For a more general coverage, you could add your jars to /usr/lib/hadoop/lib instead; the hadoop lib directory is also automatically included into Spark jobs on Dataproc, and is where libraries such as the GCS connector jarfile reside. You can see the hadoop lib directory being included via the SPARK_DIST_CLASSPATH environment variable configured in /etc/spark/conf/spark-env.sh.

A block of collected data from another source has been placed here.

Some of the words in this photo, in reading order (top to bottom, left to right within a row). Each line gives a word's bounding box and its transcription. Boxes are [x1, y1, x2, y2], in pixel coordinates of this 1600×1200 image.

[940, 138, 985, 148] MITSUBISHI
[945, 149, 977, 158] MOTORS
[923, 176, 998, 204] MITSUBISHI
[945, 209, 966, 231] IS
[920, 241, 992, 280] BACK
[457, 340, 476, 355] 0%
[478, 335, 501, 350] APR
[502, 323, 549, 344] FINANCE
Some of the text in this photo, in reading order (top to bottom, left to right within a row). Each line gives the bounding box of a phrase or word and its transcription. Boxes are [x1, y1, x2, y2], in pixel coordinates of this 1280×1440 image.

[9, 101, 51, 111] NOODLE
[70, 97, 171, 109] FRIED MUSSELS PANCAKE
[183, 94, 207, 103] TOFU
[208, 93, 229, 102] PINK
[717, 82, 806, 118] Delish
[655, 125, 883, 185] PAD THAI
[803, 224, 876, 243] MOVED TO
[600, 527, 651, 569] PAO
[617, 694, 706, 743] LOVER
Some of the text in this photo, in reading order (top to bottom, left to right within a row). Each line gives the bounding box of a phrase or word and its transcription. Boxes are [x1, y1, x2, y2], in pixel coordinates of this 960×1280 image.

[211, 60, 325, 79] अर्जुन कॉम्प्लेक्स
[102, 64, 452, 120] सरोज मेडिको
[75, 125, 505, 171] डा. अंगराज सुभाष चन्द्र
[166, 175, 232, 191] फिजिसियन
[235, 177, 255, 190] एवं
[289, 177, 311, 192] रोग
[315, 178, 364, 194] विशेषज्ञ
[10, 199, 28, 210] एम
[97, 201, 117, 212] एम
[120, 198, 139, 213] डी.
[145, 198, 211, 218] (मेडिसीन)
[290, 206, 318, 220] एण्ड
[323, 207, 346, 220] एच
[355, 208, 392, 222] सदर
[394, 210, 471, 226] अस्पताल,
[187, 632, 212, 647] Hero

If the desired behavior is still to specify using the --jar flag to specify a "main jar" instead of --jars to specify library jars that just provide classes, unfortunately there's currently no notion of a "working directory" on the cluster that would allow just specifying relative (instead of absolute) paths to the "main jar". However, there are two approaches that would have similar behavior:
Make the jarfiles local to the user's workspace from which jobs are being submitted - gcloud will then upload the jarfile at job-submission time into GCS and point the job at the jarfile when it runs in a job-specific directory. Note that this would cause duplicate uploads of the jarfile into GCS each time the job runs since it's always staging into a unique job directory; you'd have to gcloud dataproc jobs delete later on to clean up GCS space used by those jarfiles
(Preferred approach): Use the --class instead of the --jar argument for specifying what job to run after doing the steps above to make the jar available in the Spark classpath already. While the invocation of a classname is a bit more verbose, it still achieves the goal of hiding details of jarfile location from the user.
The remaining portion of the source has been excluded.